The enactment in Epidemics 6.5.7 runs counter to Hippocratic commitments to treatments that intervene in bodily processes believed to cause disease, and has provoked debate among classicists concerning its lineage and place in Hippocratic thought and practice (Jouanna 2012; Lloyd 2000). While a medical humanities grasp of the scenario needs to take account of exegetical and hermeneutical issues, it should also attempt to understand medical encounters from patients’ points of view. One way of doing this is to ask what would happen were the patient to become aware of how a felt discharge from their ear had been engendered and choreographed? If the patient became aware of the manoeuvre’s purpose and technique, would she feel shocked, let down, affronted, or angry? Could such awareness provoke laughter, ridicule and/or denunciation of the doctor?
Posing such questions shifts attention away from the perspective of the narrator – who is almost coincident with a Hippocratic physician – to that of the patient and how make believe can be engendered by physical manoeuvres. Attempts at answering such experiential and epistemic questions could draw on the reactions of other patients in similar circumstances, if available (Thumiger 2018), otherwise they depend on hypothetical, speculative or fictive processes (Green 2017).
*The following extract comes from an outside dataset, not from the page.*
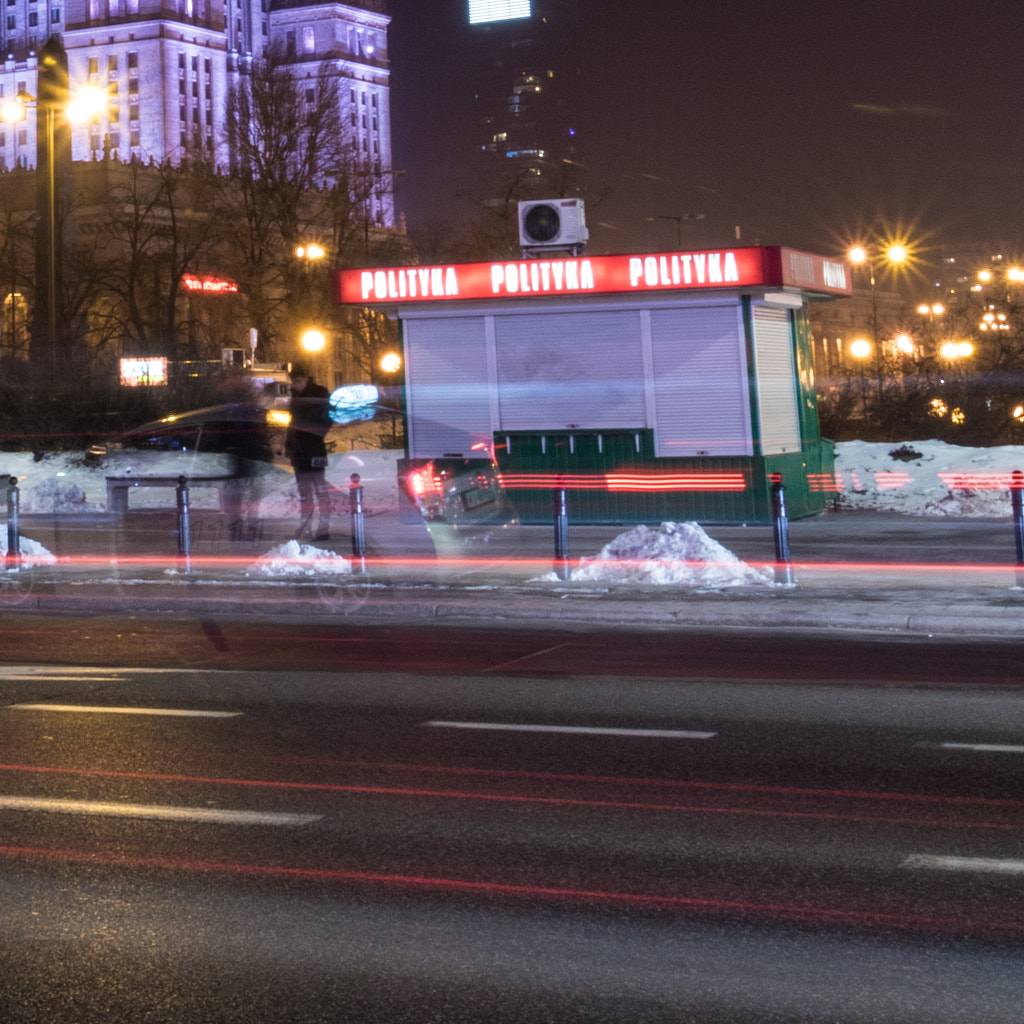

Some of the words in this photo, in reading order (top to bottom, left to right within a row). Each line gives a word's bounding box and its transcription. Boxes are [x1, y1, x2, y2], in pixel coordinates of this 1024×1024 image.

And responses ascertained only through surmise run the risk of projecting contemporary patterns of thinking and emotions on to the patient (Thumiger 2016).
However, thinking through the reactions of a generic patient can be perspective shifting. Galen, a Graeco-Roman physician and prolific commentator on Hippocratic texts, who practised in Rome in the second century CE, recounts that “a doctor who was summoned to treat a woman who thought she had swallowed a snake (. . .) gave her an emetic drug and then, unbeknownst to her, dropped a dead snake into the basin into which she had vomited and thereby rid her of this delusion” (Vagelpohl and Swain 2016, 2: 259). How might this patient react to learning of the provenance of the snake in her vomit? The knowledge would rupture her internalised understanding of events consequent on treatment, at the point between her seeing the snake in the vomit and closure of a sequence of events given by: “snake in my innards,” “I took the emetic,” “snake in my vomit,” “I vomited up the snake.”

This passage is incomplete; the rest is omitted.